Anyways, some friends were going to have a Superbowl party. They were here Saturday to just sorta hang out because since we got back from vaca, we have not seen them much despite them living one street away here in the hood. So they are coming over at like 5:30 or 6 this past Saturday. We were cooking out so we were waiting on them to eat. They did not get here until almost 7. Mmmmmkay. They were grocery shopping and called earlier on to let us know they did not forget about us but they just had to put groceries up and they would be over. That took a total of 40 minutes. Not sure what they bought but damn, had to be a lot. So they finally get here and from the damn get go, the husband starts in on how the Steelers were going to lose the next day against Denver. Let me explain. This guy is not a Denver fan that I know about. He says shit like that just to be ugly. It's apparently part of his charm that I am just not getting. Ok then. I basically said "Not gonna happen." He could not let it go at that so I finally called him on it. But not before telling him what a bitch ass ho his team looked like (Indy) during the press conference (namely Peyton Manning) blaming everyone but themselves for their loss. I don't tend to rag on a team that I know someone likes because I know how that makes me feel. I mean when the Steelers got blasted last year by New England, I was bummed but happy for my boss at the time because he was a huge fan. It's called being a fucking grown up, people. Let's look it up shall we?

Anyways, he also made this lovely comment that he was GOING to have a Superbowl party but now is not so sure because he does not want to hear my mouth. Oh yeah, you read that right. He is in MY house eating MY food and says that shit. Once again, part of the charm apparently. That was supposed to be amusing. Um, ok. So now the thing is that we have no idea if they are having a party or not. To be brutally honest, I would rather not go. If he is not going to allow me to enjoy a day I have waited for and basically piss all over any enjoyment I might have, I would rather stay here. I will be tense enough. I'll be excited but I tend to get stomach aches and headaches during big games like this. I don't need this dude shitting all over me on top of all that.
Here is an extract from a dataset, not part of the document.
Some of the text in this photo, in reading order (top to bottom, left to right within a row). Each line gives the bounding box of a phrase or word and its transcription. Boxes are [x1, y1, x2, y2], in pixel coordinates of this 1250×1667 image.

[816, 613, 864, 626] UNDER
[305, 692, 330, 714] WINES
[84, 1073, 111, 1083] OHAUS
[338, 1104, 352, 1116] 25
My question is how to handle this? He is one of my husband's closest friends. Truth be told, they have done a lot of wonderful things for us, but this one thing is really an issue for me. Trust me, if we don't go over, it will be an issue. I have no problem saying that we are staying here but I don't want my husband to lose a friend that he works with. That's not really fair - especially since the husband does not have a problem with how this dude is. I don't know. If y'all have any advice, it is welcome. Very very welcome.

Elizabeth at 10:42 AM



at 11:37 AM Blogger mamalujo1 said...

Look, don't apologize for how you feel or for the fact that you love the Steelers, or even for how either of you may have acted. Be the bigger person, however, and apologize for the friction, or call it apologizing for both of you, if you will. Say your sorry for the misunderstanding, that you know that both of you get pretty psyched about your teams, but what you really want him to know is it's just about getting together to have a good time.

Oh and btw I tagged you. Go to my blog and see what on!
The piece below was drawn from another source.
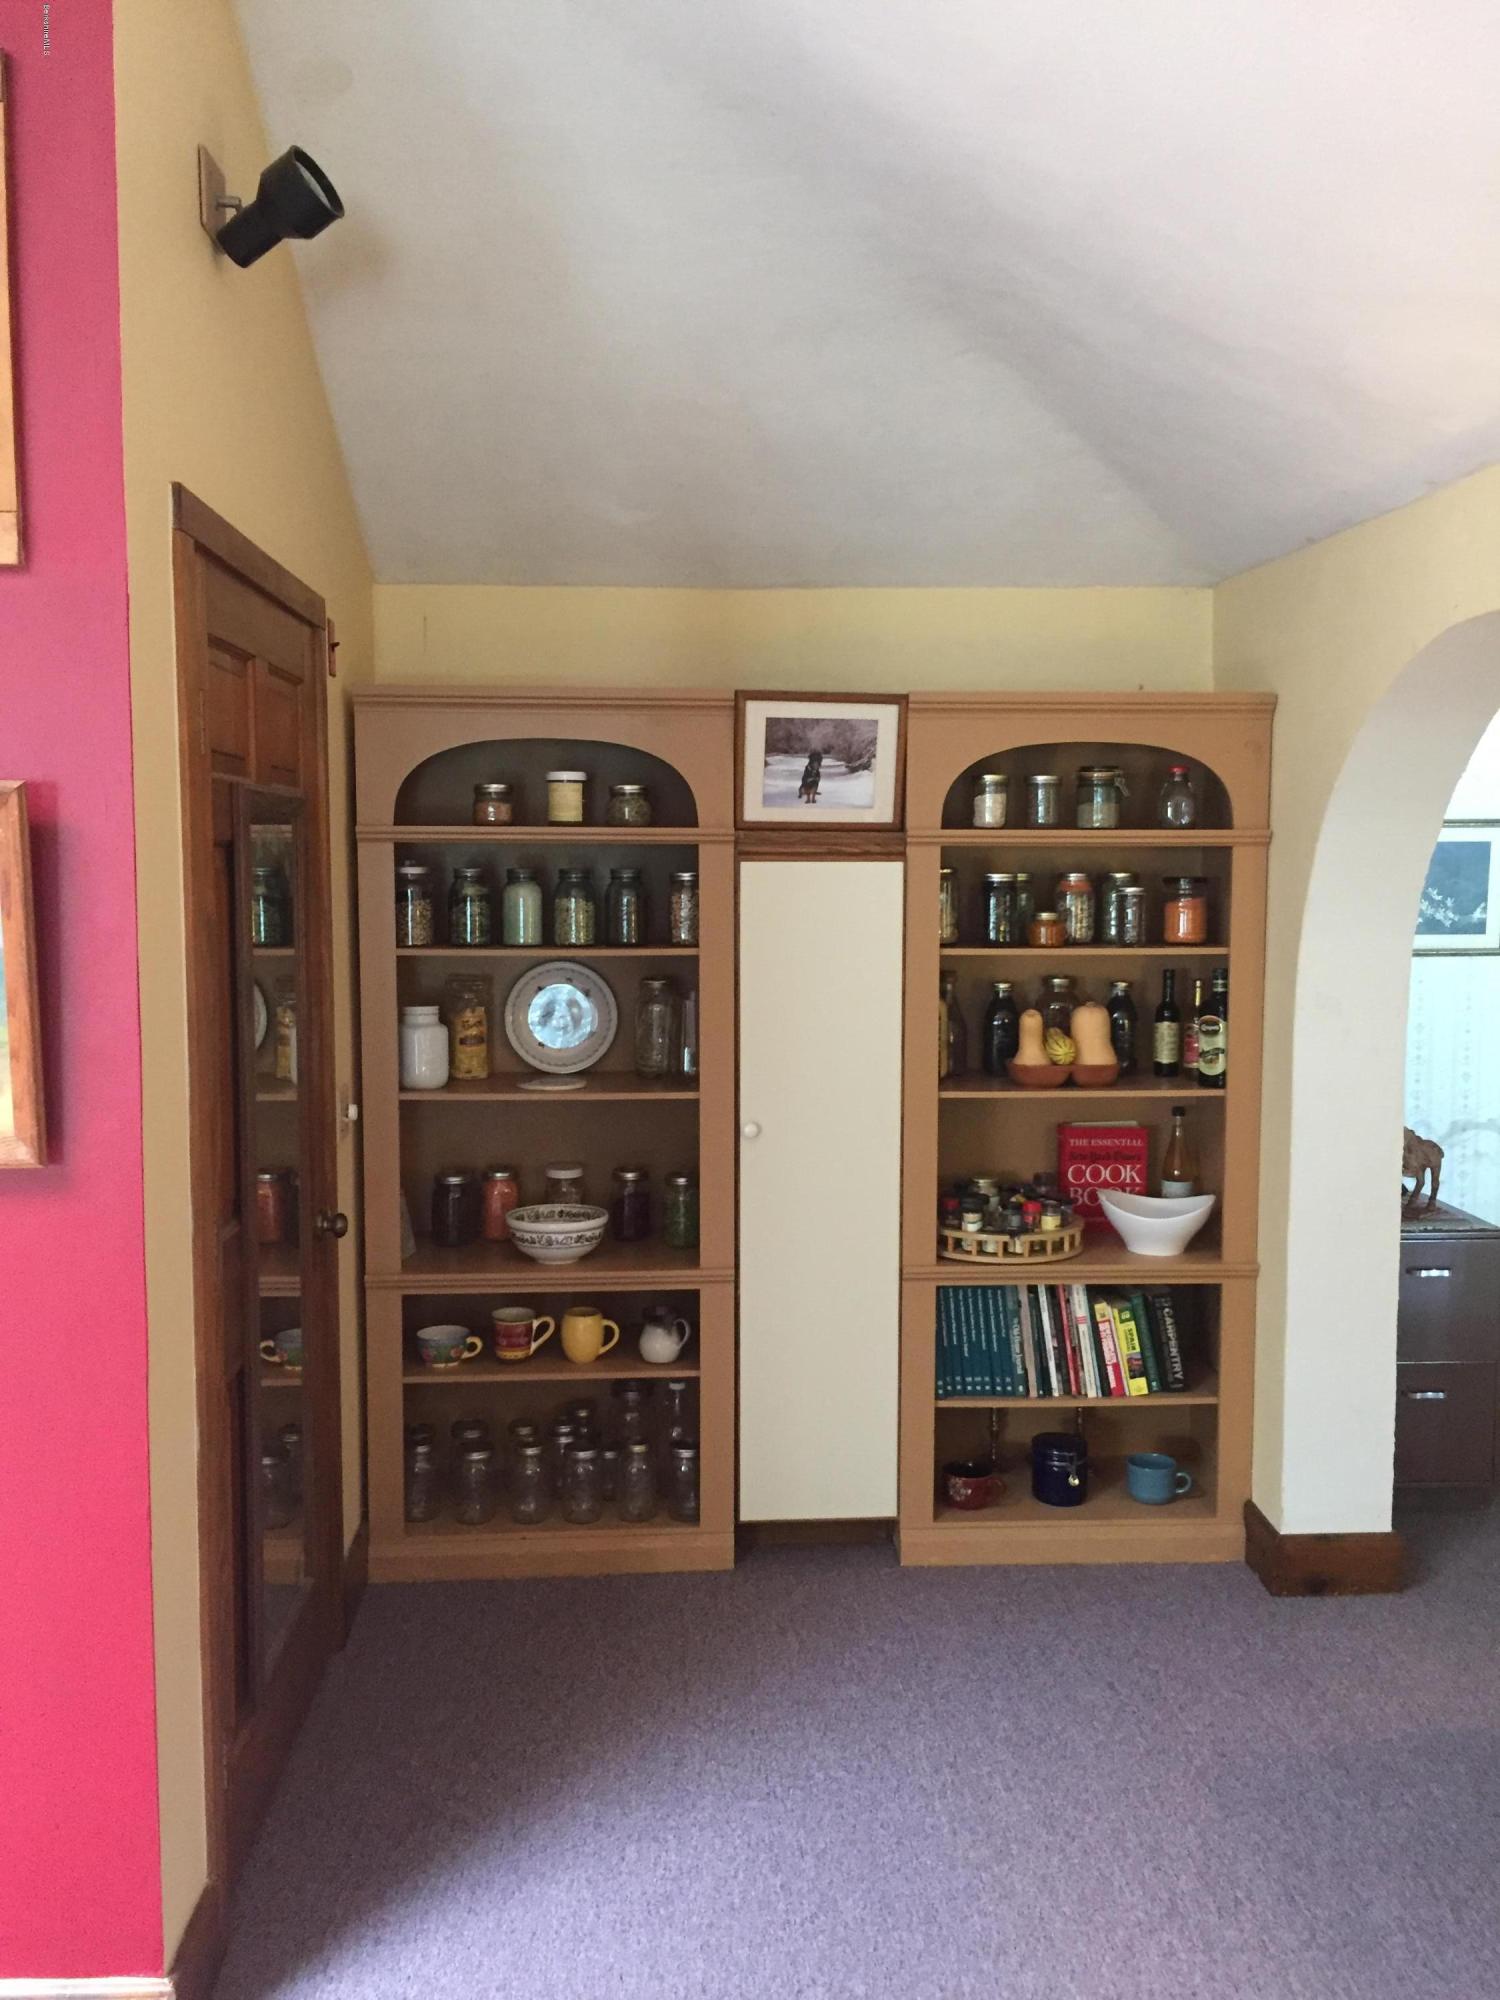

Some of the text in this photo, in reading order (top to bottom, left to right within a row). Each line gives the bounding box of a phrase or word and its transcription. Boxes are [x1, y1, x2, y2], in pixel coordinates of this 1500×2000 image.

[1070, 1138, 1143, 1147] THE ESSENTIAL
[1067, 1163, 1143, 1184] COOK
[1162, 1307, 1185, 1381] CARPENTRY
at 1:57 PM Blogger Annejelynn said...

I am soooo clueless - this past Sunday, my honey-man and I went to Trader Joes for some last minute surprise bday party food stuffs (threw a bday party for my friend Poppy) and while out driving, the place was deserted...we get in the store? It's PACKED! TOTALLY JAMMED with people raiding the snacker-type foods! all the yummy frozen/heat it up artichoke dip was gonE!!! And I was like, what the hell is going on... and one of the clerks informed me. The playoff's are today and it was then that the bell went "DING DING DING" for me and my man... DUH!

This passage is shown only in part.